Allied Digital Services adds that service providers will customize tool sets to meet specific industry applications and compliance requirements. Schatzle says the main driver is regulations requiring transparency and reporting around the security infrastructure. These regulations are a huge risk for midmarket buyers, and they will need to “rely more heavily on service providers since midsized organizations often lack sufficient resources for adequate executive oversight.” (Read Risks and Complexities in Outsourcing Decisions in the Midmarket.)

A change in the next couple of years is that buyers will not be bothered about the technology a provider uses but will be more focused on the functionality it delivers. Jain at Wipro says companies that take this approach will quickly make the best use of on-demand computing and be able to manage infrastructure costs based on business cycles.

Also on tap as a change in IT infrastructure services over the next few years is green IT. Schatzle at Allied Digital Services says energy conservation legislation and financial incentives will drive an increase in green IT initiatives.
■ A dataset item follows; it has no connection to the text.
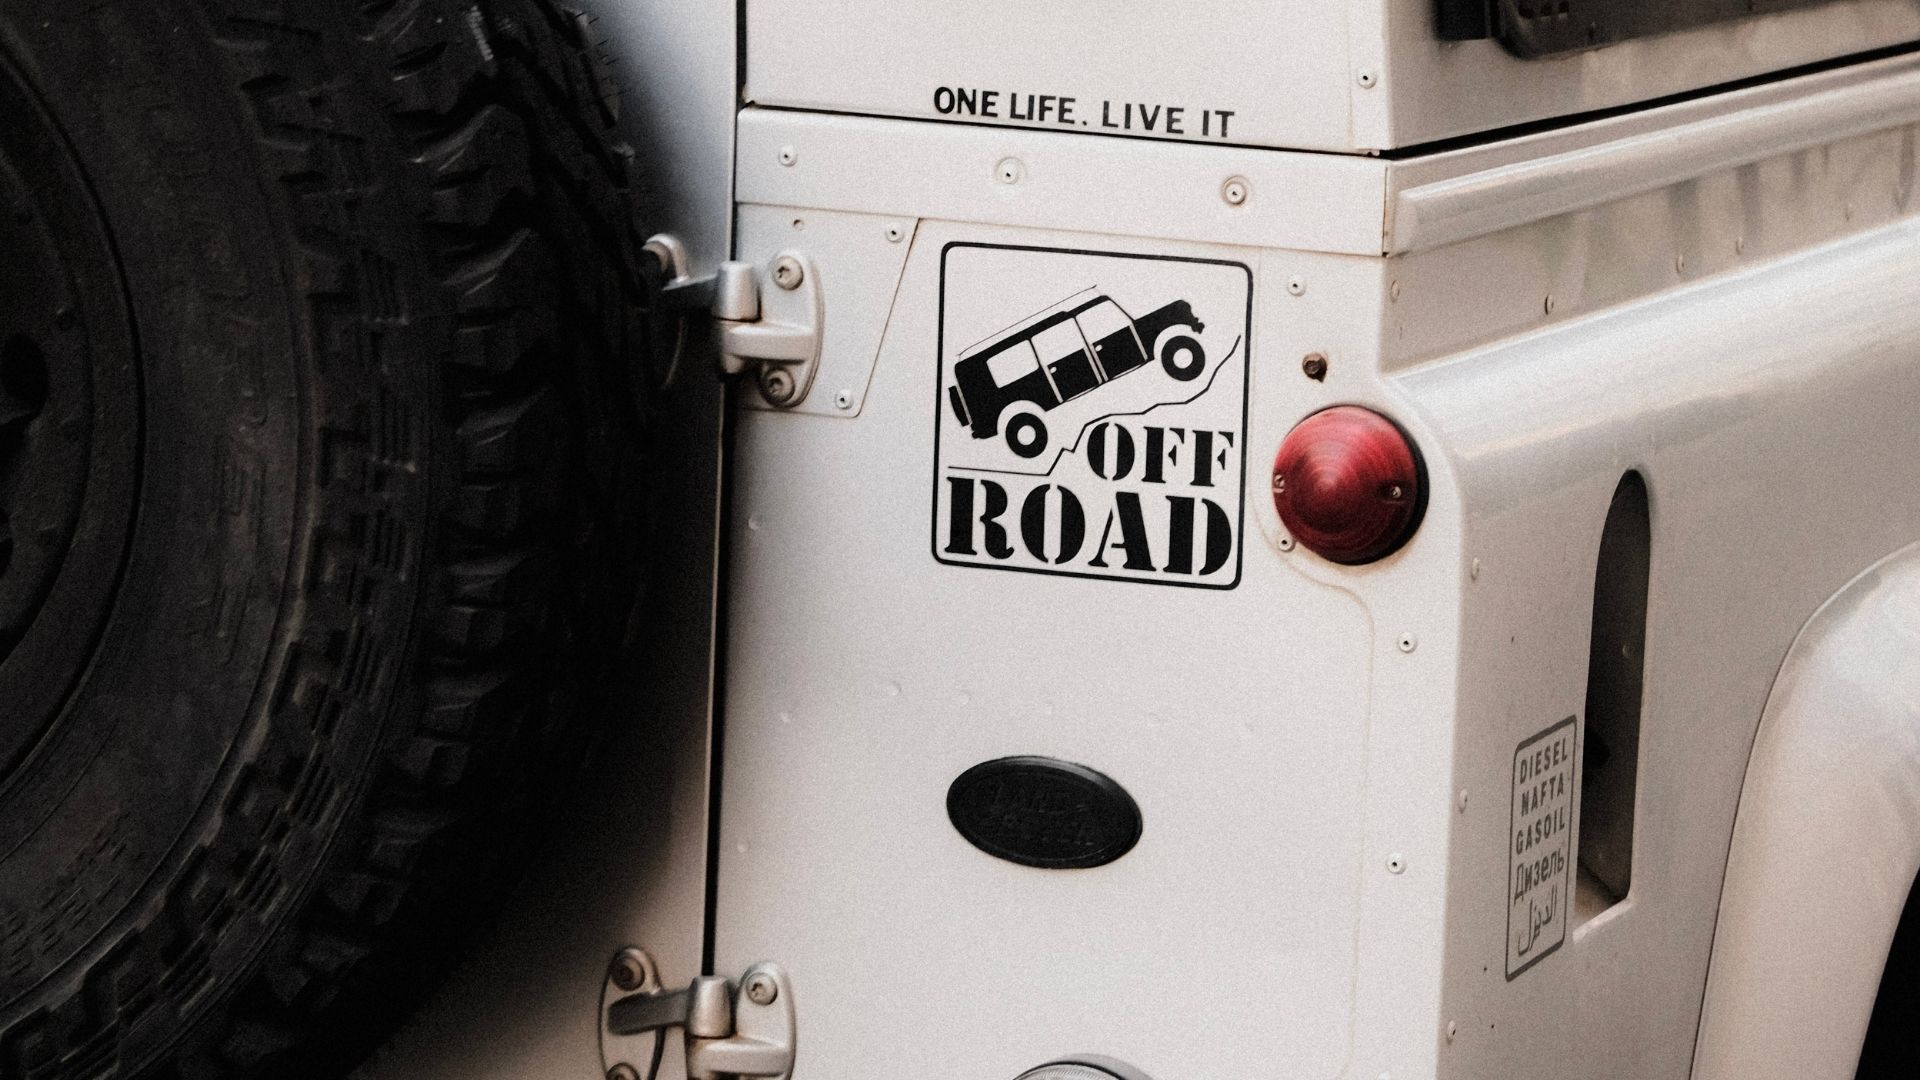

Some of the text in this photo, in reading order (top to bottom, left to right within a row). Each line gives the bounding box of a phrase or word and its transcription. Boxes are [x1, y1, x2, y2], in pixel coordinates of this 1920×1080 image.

HP predicts that IT infrastructure outsourcing will turn toward an “everything-as-a-service” model that delivers agility and adaptability while optimizing investments. Although this has been a target approach for a couple of years, it now faces greater adoption because of cloud computing. “A cloud approach brings the enterprise increased utilization of resources, elasticity and scalability, and less capital expenditure in hardware, software, and services,” explains Bess.

The everything-as-a-service model will provide organizations with flexibility, cost control, automation for predictability and consistency, standard tools for processes and reliability, and consistent delivery of global services. However, such a model is based on standardization. With customization, the costs go up and the possibility for problems increases. Bess recognizes that larger companies believe customization is critical for integration in their enterprise, but he warns that “the changes shouldn’t be to basic functionality, because then the service becomes more fragile and less leverageable.”

Finally, a risk for buyers in the constantly changing IT environment over the next few years will be trying to maintain service management and security. HP advises that service management must focus on assessing capabilities and risks as implementations will likely occur frequently. Buyers will also need to reassess and test security and business continuity with each new change to their infrastructure.